● Work item:
Return every entry exactly as written.

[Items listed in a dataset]
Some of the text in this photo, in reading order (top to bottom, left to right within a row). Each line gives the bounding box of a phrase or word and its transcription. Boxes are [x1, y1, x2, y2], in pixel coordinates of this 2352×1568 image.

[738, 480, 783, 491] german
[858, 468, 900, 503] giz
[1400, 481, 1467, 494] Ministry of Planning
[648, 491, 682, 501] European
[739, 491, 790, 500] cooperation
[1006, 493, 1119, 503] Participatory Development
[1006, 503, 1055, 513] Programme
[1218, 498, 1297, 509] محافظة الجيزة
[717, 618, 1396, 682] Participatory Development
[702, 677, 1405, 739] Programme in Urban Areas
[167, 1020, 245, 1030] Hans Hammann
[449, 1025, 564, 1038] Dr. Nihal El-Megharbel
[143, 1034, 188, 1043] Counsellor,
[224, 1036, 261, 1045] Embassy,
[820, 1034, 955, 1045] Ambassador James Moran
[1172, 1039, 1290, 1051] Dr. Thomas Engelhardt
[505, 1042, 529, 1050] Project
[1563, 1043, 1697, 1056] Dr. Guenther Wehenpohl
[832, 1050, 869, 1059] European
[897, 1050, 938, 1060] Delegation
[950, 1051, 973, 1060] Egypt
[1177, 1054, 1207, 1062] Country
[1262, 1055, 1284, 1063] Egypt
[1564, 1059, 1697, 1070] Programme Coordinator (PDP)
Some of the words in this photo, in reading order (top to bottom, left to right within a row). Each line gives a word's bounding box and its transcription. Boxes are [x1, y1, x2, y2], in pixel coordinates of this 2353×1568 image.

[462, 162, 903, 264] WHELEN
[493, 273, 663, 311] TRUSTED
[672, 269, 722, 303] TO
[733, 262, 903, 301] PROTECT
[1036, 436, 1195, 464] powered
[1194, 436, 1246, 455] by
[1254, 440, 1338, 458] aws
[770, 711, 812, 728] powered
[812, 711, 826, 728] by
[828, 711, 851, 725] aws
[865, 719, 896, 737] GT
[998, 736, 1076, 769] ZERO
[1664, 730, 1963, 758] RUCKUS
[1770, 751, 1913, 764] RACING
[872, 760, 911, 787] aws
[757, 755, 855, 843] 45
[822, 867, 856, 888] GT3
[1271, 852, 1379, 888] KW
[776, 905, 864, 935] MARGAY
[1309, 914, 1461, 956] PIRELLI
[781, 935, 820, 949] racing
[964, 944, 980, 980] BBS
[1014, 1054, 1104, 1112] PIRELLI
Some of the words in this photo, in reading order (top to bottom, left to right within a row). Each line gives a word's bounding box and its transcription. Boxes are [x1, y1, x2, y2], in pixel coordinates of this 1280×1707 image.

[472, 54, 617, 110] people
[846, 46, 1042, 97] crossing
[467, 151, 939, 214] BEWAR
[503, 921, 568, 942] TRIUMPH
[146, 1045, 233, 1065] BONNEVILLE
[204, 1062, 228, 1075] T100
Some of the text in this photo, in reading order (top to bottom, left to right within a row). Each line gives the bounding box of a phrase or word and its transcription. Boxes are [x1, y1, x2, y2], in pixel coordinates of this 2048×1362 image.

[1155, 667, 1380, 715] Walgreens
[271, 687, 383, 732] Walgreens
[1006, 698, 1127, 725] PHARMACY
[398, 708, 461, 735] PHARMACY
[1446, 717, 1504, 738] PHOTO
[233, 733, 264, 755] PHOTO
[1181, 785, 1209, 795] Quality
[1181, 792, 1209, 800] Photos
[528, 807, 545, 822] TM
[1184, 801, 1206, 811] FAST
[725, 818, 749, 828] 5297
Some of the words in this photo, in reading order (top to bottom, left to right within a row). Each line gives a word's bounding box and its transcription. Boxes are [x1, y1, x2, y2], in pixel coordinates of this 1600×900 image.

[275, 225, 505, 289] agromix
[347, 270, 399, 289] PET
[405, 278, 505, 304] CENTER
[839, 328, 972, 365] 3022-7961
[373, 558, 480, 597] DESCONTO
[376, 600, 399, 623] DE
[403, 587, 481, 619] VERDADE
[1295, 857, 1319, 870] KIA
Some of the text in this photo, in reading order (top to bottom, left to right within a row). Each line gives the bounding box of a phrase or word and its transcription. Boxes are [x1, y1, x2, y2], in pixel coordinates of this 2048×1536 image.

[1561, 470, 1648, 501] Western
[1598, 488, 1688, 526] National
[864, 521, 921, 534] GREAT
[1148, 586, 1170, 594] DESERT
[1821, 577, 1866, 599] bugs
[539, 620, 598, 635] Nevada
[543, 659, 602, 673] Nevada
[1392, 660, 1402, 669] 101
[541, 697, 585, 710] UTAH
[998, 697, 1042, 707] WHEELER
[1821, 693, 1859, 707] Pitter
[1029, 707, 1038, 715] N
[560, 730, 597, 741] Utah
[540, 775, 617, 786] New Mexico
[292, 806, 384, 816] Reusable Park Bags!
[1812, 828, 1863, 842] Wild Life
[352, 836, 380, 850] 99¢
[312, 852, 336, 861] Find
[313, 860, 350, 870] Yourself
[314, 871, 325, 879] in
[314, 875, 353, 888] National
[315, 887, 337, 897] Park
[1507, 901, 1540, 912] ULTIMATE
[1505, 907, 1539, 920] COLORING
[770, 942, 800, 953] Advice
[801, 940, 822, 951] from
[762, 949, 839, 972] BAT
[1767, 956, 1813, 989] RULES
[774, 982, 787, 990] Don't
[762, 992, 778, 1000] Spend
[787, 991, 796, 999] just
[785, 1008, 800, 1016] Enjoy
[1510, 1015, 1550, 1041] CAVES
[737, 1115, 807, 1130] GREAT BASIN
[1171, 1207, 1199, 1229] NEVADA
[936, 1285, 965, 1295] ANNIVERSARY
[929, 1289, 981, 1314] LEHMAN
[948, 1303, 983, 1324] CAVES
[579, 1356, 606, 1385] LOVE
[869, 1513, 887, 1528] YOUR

● Reply to the exercise:
Some of the text in this photo, in reading order (top to bottom, left to right within a row). Each line gives the bounding box of a phrase or word and its transcription. Boxes are [x1, y1, x2, y2], in pixel coordinates of this 2352×1568 image.

[738, 480, 783, 491] german
[858, 468, 900, 503] giz
[1400, 481, 1467, 494] Ministry of Planning
[648, 491, 682, 501] European
[739, 491, 790, 500] cooperation
[1006, 493, 1119, 503] Participatory Development
[1006, 503, 1055, 513] Programme
[1218, 498, 1297, 509] محافظة الجيزة
[717, 618, 1396, 682] Participatory Development
[702, 677, 1405, 739] Programme in Urban Areas
[167, 1020, 245, 1030] Hans Hammann
[449, 1025, 564, 1038] Dr. Nihal El-Megharbel
[143, 1034, 188, 1043] Counsellor,
[224, 1036, 261, 1045] Embassy,
[820, 1034, 955, 1045] Ambassador James Moran
[1172, 1039, 1290, 1051] Dr. Thomas Engelhardt
[505, 1042, 529, 1050] Project
[1563, 1043, 1697, 1056] Dr. Guenther Wehenpohl
[832, 1050, 869, 1059] European
[897, 1050, 938, 1060] Delegation
[950, 1051, 973, 1060] Egypt
[1177, 1054, 1207, 1062] Country
[1262, 1055, 1284, 1063] Egypt
[1564, 1059, 1697, 1070] Programme Coordinator (PDP)
Some of the words in this photo, in reading order (top to bottom, left to right within a row). Each line gives a word's bounding box and its transcription. Boxes are [x1, y1, x2, y2], in pixel coordinates of this 2353×1568 image.

[462, 162, 903, 264] WHELEN
[493, 273, 663, 311] TRUSTED
[672, 269, 722, 303] TO
[733, 262, 903, 301] PROTECT
[1036, 436, 1195, 464] powered
[1194, 436, 1246, 455] by
[1254, 440, 1338, 458] aws
[770, 711, 812, 728] powered
[812, 711, 826, 728] by
[828, 711, 851, 725] aws
[865, 719, 896, 737] GT
[998, 736, 1076, 769] ZERO
[1664, 730, 1963, 758] RUCKUS
[1770, 751, 1913, 764] RACING
[872, 760, 911, 787] aws
[757, 755, 855, 843] 45
[822, 867, 856, 888] GT3
[1271, 852, 1379, 888] KW
[776, 905, 864, 935] MARGAY
[1309, 914, 1461, 956] PIRELLI
[781, 935, 820, 949] racing
[964, 944, 980, 980] BBS
[1014, 1054, 1104, 1112] PIRELLI
Some of the words in this photo, in reading order (top to bottom, left to right within a row). Each line gives a word's bounding box and its transcription. Boxes are [x1, y1, x2, y2], in pixel coordinates of this 1280×1707 image.

[472, 54, 617, 110] people
[846, 46, 1042, 97] crossing
[467, 151, 939, 214] BEWAR
[503, 921, 568, 942] TRIUMPH
[146, 1045, 233, 1065] BONNEVILLE
[204, 1062, 228, 1075] T100
Some of the text in this photo, in reading order (top to bottom, left to right within a row). Each line gives the bounding box of a phrase or word and its transcription. Boxes are [x1, y1, x2, y2], in pixel coordinates of this 2048×1362 image.

[1155, 667, 1380, 715] Walgreens
[271, 687, 383, 732] Walgreens
[1006, 698, 1127, 725] PHARMACY
[398, 708, 461, 735] PHARMACY
[1446, 717, 1504, 738] PHOTO
[233, 733, 264, 755] PHOTO
[1181, 785, 1209, 795] Quality
[1181, 792, 1209, 800] Photos
[528, 807, 545, 822] TM
[1184, 801, 1206, 811] FAST
[725, 818, 749, 828] 5297
Some of the words in this photo, in reading order (top to bottom, left to right within a row). Each line gives a word's bounding box and its transcription. Boxes are [x1, y1, x2, y2], in pixel coordinates of this 1600×900 image.

[275, 225, 505, 289] agromix
[347, 270, 399, 289] PET
[405, 278, 505, 304] CENTER
[839, 328, 972, 365] 3022-7961
[373, 558, 480, 597] DESCONTO
[376, 600, 399, 623] DE
[403, 587, 481, 619] VERDADE
[1295, 857, 1319, 870] KIA
Some of the text in this photo, in reading order (top to bottom, left to right within a row). Each line gives the bounding box of a phrase or word and its transcription. Boxes are [x1, y1, x2, y2], in pixel coordinates of this 2048×1536 image.

[1561, 470, 1648, 501] Western
[1598, 488, 1688, 526] National
[864, 521, 921, 534] GREAT
[1148, 586, 1170, 594] DESERT
[1821, 577, 1866, 599] bugs
[539, 620, 598, 635] Nevada
[543, 659, 602, 673] Nevada
[1392, 660, 1402, 669] 101
[541, 697, 585, 710] UTAH
[998, 697, 1042, 707] WHEELER
[1821, 693, 1859, 707] Pitter
[1029, 707, 1038, 715] N
[560, 730, 597, 741] Utah
[540, 775, 617, 786] New Mexico
[292, 806, 384, 816] Reusable Park Bags!
[1812, 828, 1863, 842] Wild Life
[352, 836, 380, 850] 99¢
[312, 852, 336, 861] Find
[313, 860, 350, 870] Yourself
[314, 871, 325, 879] in
[314, 875, 353, 888] National
[315, 887, 337, 897] Park
[1507, 901, 1540, 912] ULTIMATE
[1505, 907, 1539, 920] COLORING
[770, 942, 800, 953] Advice
[801, 940, 822, 951] from
[762, 949, 839, 972] BAT
[1767, 956, 1813, 989] RULES
[774, 982, 787, 990] Don't
[762, 992, 778, 1000] Spend
[787, 991, 796, 999] just
[785, 1008, 800, 1016] Enjoy
[1510, 1015, 1550, 1041] CAVES
[737, 1115, 807, 1130] GREAT BASIN
[1171, 1207, 1199, 1229] NEVADA
[936, 1285, 965, 1295] ANNIVERSARY
[929, 1289, 981, 1314] LEHMAN
[948, 1303, 983, 1324] CAVES
[579, 1356, 606, 1385] LOVE
[869, 1513, 887, 1528] YOUR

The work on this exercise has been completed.